Project 462734
Virtual hand-arm assessments for children with Cerebral Palsy: helping us to achieve equity in rehabilitation care and research.
Virtual hand-arm assessments for children with Cerebral Palsy: helping us to achieve equity in rehabilitation care and research.
Project Information
| Study Type: | Unclear |
| Research Theme: | Clinical |
Institution & Funding
| Principal Investigator(s): | Biddiss, Elaine A; Wright, Virginia F |
| Co-Investigator(s): | Alazem, Hana; Fehlings, Darcy L; Hunt, Carolyn; Knights, Shannon; McCauley, Dayle; Mccormick, Anna M; Munce, Sarah E; Ross, Timothy |
| Institution: | Holland Bloorview Kids Rehabilitation Hospital (Toronto) |
| CIHR Institute: | Human Development, Child and Youth Health |
| Program: | |
| Peer Review Committee: | Social & Developmental Aspects of Children's & Youth's Health |
| Competition Year: | 2022 |
| Term: | 3 yrs 0 mth |
Abstract Summary
The Problem. One in 500 Canadian children have cerebral palsy (CP) and most have hand/arm limitations that impact their activities and participation. Optimizing hand/arm abilities is key to CP care. However, many families can't access in-person therapy due to travel, time, and other socioeconomic factors. Virtual care, delivered remotely via phone/video, can help. Like in-person care, virtual care must be guided by reliable assessment. Virtual therapies have been successfully innovated, but it is still hard to assess hand/arm skills virtually. This limits our ability to collect information to guide/assess virtual care for children with CP. We want to know: What hand-arm assessments can be done virtually?
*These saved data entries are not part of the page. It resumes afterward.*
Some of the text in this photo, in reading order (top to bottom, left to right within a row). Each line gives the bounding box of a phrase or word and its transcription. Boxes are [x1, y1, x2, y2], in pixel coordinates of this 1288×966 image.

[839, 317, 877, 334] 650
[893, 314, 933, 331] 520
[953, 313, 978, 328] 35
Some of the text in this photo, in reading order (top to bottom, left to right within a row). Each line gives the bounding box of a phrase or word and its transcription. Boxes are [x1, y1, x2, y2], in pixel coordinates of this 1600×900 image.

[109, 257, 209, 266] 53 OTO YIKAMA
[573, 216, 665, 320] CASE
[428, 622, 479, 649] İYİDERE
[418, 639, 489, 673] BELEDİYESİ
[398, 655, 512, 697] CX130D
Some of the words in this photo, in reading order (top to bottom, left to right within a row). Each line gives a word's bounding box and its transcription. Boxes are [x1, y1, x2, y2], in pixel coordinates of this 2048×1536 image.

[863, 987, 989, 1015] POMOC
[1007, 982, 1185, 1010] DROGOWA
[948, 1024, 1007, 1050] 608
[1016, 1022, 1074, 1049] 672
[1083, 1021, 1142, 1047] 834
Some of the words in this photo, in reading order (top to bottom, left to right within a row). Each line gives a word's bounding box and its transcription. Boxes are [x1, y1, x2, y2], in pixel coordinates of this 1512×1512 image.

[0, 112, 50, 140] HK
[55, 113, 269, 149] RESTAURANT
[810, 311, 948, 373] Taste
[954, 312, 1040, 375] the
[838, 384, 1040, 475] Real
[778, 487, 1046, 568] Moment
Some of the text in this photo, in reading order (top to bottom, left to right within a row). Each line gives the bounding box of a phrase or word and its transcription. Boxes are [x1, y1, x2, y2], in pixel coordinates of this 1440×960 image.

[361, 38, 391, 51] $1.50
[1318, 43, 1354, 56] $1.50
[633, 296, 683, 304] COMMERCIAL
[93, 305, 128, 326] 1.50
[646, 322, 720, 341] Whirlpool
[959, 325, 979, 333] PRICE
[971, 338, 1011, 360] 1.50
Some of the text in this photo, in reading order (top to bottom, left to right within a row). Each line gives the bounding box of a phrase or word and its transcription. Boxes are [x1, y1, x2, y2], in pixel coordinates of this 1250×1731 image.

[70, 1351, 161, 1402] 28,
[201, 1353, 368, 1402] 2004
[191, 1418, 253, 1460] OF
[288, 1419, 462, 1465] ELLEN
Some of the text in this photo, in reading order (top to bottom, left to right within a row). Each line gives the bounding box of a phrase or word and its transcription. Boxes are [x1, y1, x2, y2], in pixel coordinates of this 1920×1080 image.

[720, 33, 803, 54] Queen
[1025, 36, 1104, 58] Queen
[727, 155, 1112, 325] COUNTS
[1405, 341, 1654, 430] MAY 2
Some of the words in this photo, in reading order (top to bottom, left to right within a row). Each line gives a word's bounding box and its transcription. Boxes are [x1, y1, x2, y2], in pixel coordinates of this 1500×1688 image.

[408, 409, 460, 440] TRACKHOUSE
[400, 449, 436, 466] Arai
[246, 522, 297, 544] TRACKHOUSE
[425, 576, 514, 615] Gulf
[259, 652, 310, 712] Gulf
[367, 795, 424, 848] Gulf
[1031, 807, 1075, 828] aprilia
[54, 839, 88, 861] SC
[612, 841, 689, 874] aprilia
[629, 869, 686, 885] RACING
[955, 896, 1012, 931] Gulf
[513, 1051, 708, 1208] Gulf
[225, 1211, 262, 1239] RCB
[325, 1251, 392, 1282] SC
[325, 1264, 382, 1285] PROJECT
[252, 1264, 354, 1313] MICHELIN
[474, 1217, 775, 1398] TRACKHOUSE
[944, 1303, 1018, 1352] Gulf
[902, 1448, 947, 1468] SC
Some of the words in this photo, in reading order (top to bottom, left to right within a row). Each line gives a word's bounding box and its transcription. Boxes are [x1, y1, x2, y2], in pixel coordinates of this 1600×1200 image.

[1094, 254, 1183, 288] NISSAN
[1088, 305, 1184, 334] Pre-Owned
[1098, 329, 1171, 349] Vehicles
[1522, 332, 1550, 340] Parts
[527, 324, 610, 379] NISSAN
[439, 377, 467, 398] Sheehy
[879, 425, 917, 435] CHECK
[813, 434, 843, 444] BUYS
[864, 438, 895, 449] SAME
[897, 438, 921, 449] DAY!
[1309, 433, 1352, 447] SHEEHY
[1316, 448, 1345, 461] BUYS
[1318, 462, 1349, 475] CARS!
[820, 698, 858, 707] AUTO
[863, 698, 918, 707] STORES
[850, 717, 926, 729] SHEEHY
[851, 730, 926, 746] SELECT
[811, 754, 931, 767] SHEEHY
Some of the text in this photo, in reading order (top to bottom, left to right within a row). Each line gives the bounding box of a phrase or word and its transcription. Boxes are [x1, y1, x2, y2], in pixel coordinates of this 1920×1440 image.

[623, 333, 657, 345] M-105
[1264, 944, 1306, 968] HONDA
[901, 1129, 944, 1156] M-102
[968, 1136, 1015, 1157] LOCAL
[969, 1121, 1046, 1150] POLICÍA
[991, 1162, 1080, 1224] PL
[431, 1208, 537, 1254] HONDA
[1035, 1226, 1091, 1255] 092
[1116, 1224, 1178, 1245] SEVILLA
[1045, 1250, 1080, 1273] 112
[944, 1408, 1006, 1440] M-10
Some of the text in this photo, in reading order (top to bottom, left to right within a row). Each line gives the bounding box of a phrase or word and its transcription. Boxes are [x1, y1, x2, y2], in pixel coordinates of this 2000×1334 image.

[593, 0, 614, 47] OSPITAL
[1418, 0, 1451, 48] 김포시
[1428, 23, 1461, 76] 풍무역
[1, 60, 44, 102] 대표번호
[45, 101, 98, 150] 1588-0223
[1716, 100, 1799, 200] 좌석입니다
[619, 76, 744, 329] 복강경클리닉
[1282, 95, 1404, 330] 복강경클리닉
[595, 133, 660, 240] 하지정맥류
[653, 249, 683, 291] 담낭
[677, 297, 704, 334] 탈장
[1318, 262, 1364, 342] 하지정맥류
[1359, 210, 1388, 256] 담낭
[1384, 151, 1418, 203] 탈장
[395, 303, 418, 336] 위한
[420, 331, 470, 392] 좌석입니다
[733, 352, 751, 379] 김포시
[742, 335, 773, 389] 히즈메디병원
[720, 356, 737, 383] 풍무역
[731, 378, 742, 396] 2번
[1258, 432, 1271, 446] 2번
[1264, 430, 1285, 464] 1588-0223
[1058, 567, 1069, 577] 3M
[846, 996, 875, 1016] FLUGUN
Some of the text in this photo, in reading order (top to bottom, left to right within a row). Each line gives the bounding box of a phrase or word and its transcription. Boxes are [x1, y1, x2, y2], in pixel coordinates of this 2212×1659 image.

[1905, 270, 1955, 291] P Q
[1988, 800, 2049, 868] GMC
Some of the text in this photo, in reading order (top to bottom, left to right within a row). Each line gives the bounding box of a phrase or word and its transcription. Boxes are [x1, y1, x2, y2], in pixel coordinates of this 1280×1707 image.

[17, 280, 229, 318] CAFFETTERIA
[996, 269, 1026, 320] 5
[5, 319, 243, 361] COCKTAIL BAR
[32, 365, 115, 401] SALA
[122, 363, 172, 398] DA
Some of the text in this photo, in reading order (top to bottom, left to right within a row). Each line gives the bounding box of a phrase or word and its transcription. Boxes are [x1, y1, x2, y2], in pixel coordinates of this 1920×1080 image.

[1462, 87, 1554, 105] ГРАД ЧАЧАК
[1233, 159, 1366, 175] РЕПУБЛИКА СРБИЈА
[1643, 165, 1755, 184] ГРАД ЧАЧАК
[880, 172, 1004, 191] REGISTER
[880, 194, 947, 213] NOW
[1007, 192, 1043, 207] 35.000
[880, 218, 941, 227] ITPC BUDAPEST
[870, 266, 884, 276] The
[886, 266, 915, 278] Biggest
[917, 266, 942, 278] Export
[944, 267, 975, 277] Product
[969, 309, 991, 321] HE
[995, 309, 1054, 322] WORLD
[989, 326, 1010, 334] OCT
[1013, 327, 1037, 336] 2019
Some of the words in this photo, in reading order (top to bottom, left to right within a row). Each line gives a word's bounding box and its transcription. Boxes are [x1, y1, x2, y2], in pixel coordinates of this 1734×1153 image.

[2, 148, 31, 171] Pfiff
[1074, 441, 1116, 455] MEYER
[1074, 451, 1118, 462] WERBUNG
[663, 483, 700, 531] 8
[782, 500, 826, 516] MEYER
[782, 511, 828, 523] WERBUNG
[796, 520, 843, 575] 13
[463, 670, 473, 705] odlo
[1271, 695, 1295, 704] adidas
And, what are families' preferences/hopes for virtual assessment? The Plan. 100 children with CP affecting their hand/arm, their caregivers, and clinicians will take part in this stakeholder-guided study. Children and their parents will connect to a therapist via Zoom and under their guidance complete a series of hand/arm assessments at home. The assessments were carefully chosen to capture different aspects of hand/arm use and involve: standardized tasks, family-recorded videos of individualized tasks, and wrist-worn motion sensors. To check that these assessments are reliable for use, they will be repeated a few weeks later over Zoom and at a separate in-person session with the therapist. Family and clinician experience will be captured via questionnaires and interviews. We will consider gender, sex, socioeconomic status, and ethnicity in our analyses to better understand diverse participant experiences. Collectively, our results will inform use of virtual assessments and co-creation of training materials for clinicians and families. Impact. This study supports family-focused, hybrid (in-person/virtual) models of care and new directions towards assessing children in their everyday life. Learnings will be widely shared for clinical care and future research.
No special research characteristics identified
This project does not include any of the advanced research characteristics tracked in our database.